Assignment of Rights and Assumption of Liabilities Agreement

 

THIS Assignment of Rights and Assumption of Liabilities Agreement (this “Agreement”) dated as of September 9, 2016, by and between Fellazo Corp. (“Company”) and Galina Hripcenco (“Hripcenco”).

 

RECITALS

 

WHEREAS, Company is the owner or obligor of the assets or liabilities listed on Exhibit A (the “Assets & Liabilities”);

 

WHEREAS, pursuant to the terms and conditions of this Agreement, Company desires to assign, and Hripcenco desires to assume, all of Company’s rights, title, obligations, and interest in and to all of the Assets & Liabilities, as further described herein.

 

NOW, THEREFORE, in consideration of the covenants, promises and representations set forth herein, and for other good and valuable consideration, the receipt and sufficiency of which is hereby acknowledged, and intending to be legally bound hereby, the parties agree as follows:

 

1. Agreement to Assign and Assume. Subject to the terms and conditions of this Agreement, simultaneous with the execution and delivery of this Agreement, Company shall sell, assign, transfer, convey, and deliver to Hripcenco , and Hripcenco shall accept the Assets & Liabilities and any and all rights or obligations in the Assets & Liabilities to which Company is entitled or obligated, and by doing so Company shall be deemed to have assigned all of its rights, titles, obligations, and interest in and to the Assets & Liabilities to Hripcenco.

 

2. Consideration.

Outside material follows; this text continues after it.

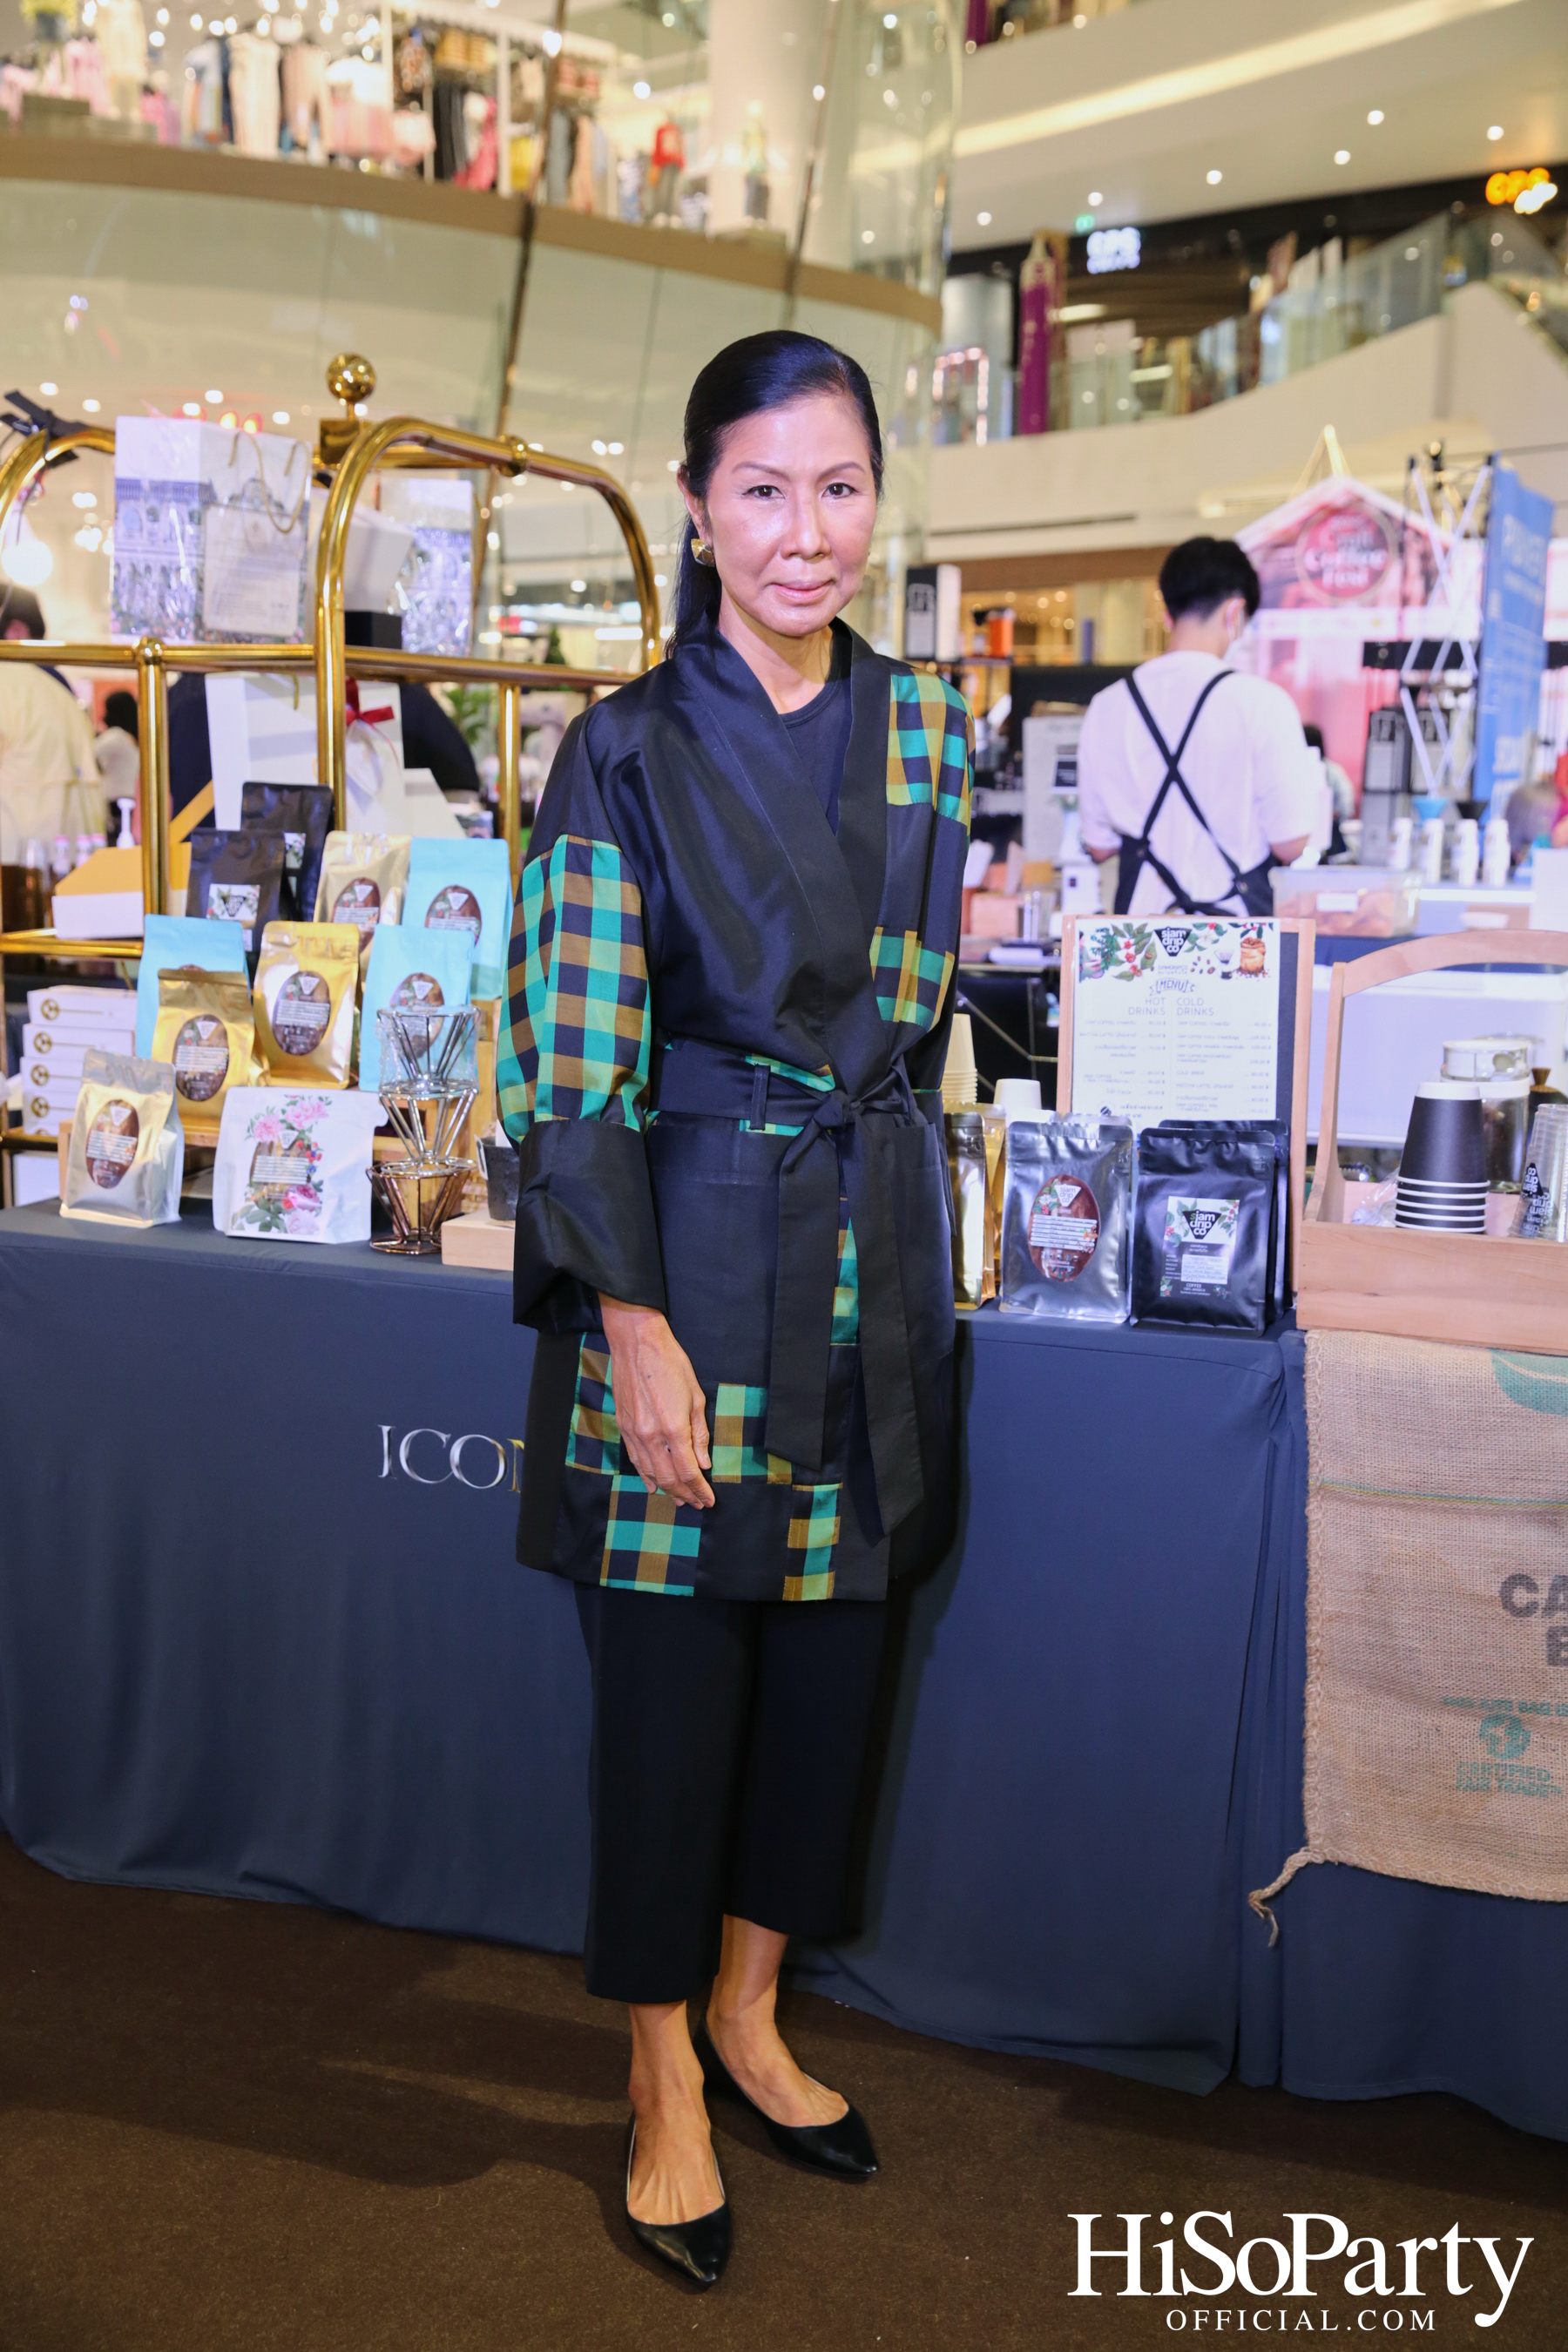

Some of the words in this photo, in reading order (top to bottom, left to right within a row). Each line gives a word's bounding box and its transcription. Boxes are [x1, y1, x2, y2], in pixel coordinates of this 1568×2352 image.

In consideration for the assignment of the Assets & Liabilities, Hripcenco shall retire any and all shares of preferred stock of Company (the “Preferred Stock”), of any class, to the treasury of Company.

 

3. Closing; Deliveries.

 

(a) The assignment of the Assets & Liabilities shall be held on or before September 1, 201 6 (the “Closing”).

 

(b) At the Closing, Company shall deliver to Hripcenco any documentary evidence of the full and unrestricted title to the Assets & Liabilities, and such other documents as may be required under applicable law or reasonably requested by Hripcenco . At Closing Hripcenco shall deliver to Company the full documentary evidence of the retirement of the Preferred Stock.

 

4. Representations and Warranties of Company. As an inducement to Hripcenco to enter into this Agreement and to consummate the transactions contemplated herein, Company represents and warrants to Hripcenco as follows:

 

4.1 Authority. Company has the right, power, authority and capacity to execute and deliver this Agreement, to consummate the transactions contemplated hereby and to perform his obligations under this Agreement. This Agreement constitutes the legal, valid and binding obligations of Company, enforceable against Company in accordance with the terms hereof.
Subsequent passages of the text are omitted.